=== Material provided ===
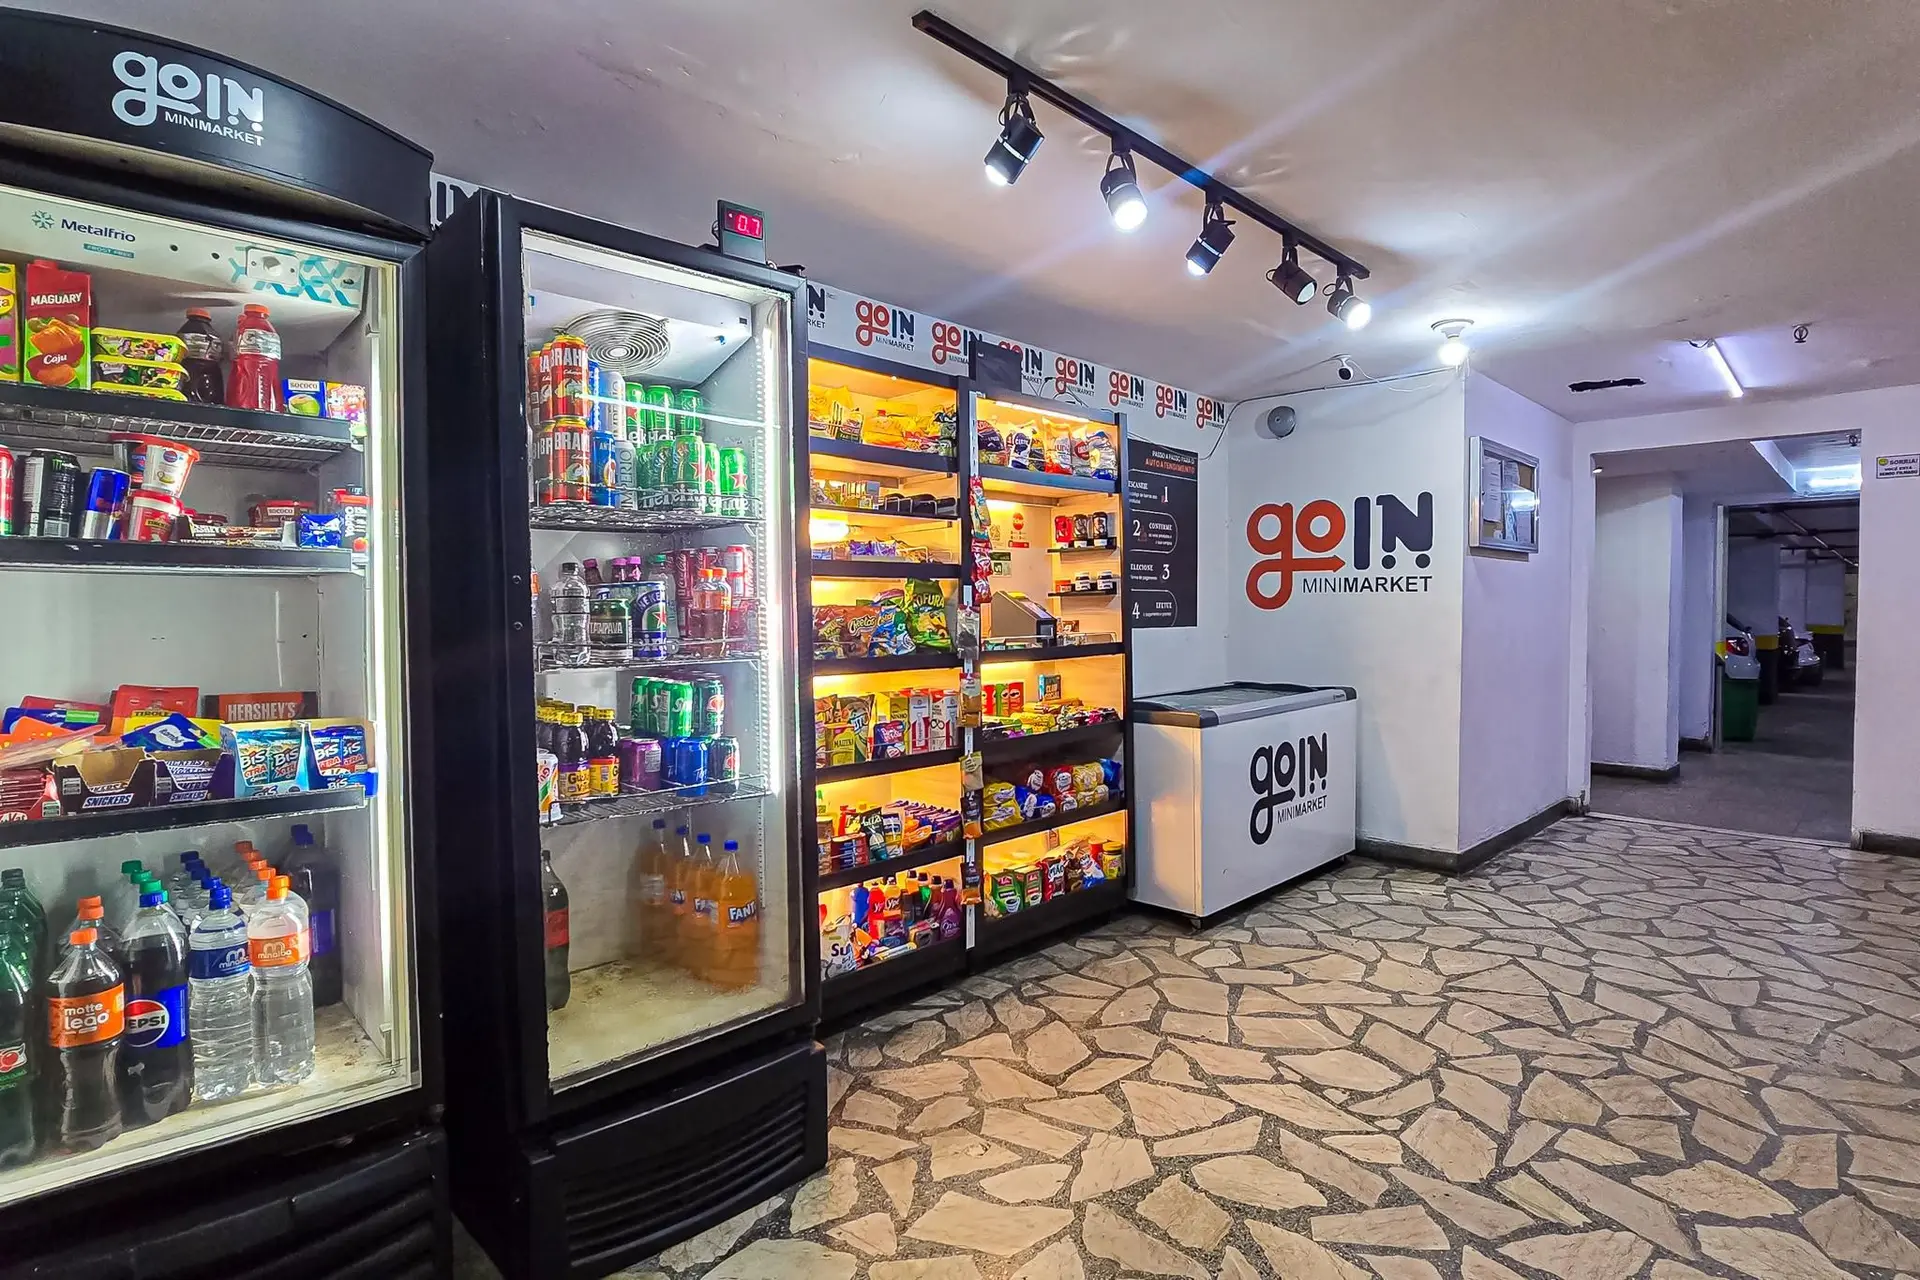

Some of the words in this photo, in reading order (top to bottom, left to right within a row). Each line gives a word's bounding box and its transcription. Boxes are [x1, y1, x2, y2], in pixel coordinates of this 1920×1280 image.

[164, 111, 265, 147] MINIMARKET
[61, 218, 136, 242] Metalfrio
[31, 292, 82, 306] MAGUARY
[290, 382, 318, 390] SOCOCO
[1164, 486, 1169, 503] 1
[1132, 519, 1141, 537] 2
[1162, 563, 1170, 580] 3
[1302, 575, 1433, 594] MINIMARKET
[1132, 601, 1140, 620] 4
[848, 615, 877, 634] Cheetos
[227, 701, 297, 720] HERSHEY'S
[275, 748, 299, 766] BiS
[85, 794, 132, 807] SNICKERS
[170, 791, 206, 801] SNICKERS
[1277, 794, 1327, 824] MINIMARKET
[729, 901, 757, 921] FANT
[219, 955, 249, 969] minalb
[257, 949, 292, 960] minalba
[64, 1002, 104, 1017] matte
[129, 1014, 167, 1030] EPSI
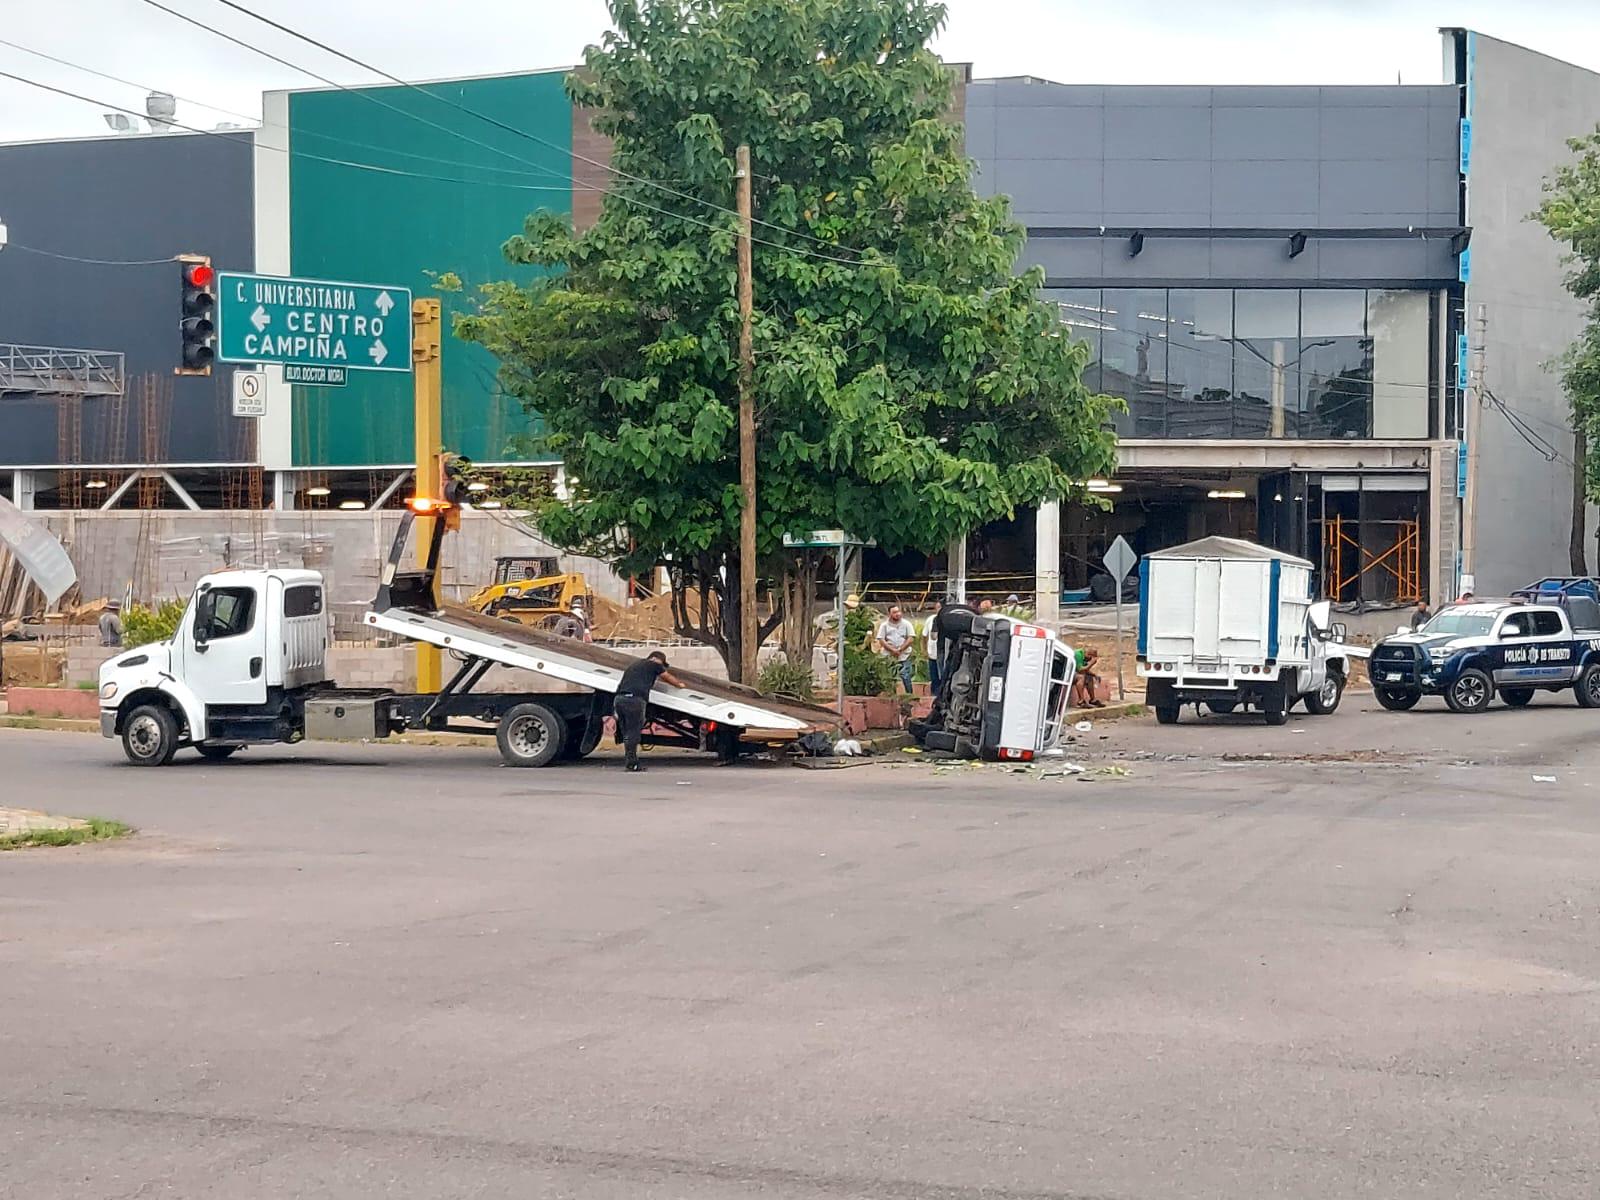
===
▶ _To do_
A word-for-word copy of the records is needed, with no pictures carried over.

▶ _Response area_
Some of the words in this photo, in reading order (top to bottom, left to right within a row). Each line gives a word's bounding box and its transcription. Boxes are [x1, y1, x2, y2], in pixel coordinates of this 1920×1280 image.

[164, 111, 265, 147] MINIMARKET
[61, 218, 136, 242] Metalfrio
[31, 292, 82, 306] MAGUARY
[290, 382, 318, 390] SOCOCO
[1164, 486, 1169, 503] 1
[1132, 519, 1141, 537] 2
[1162, 563, 1170, 580] 3
[1302, 575, 1433, 594] MINIMARKET
[1132, 601, 1140, 620] 4
[848, 615, 877, 634] Cheetos
[227, 701, 297, 720] HERSHEY'S
[275, 748, 299, 766] BiS
[85, 794, 132, 807] SNICKERS
[170, 791, 206, 801] SNICKERS
[1277, 794, 1327, 824] MINIMARKET
[729, 901, 757, 921] FANT
[219, 955, 249, 969] minalb
[257, 949, 292, 960] minalba
[64, 1002, 104, 1017] matte
[129, 1014, 167, 1030] EPSI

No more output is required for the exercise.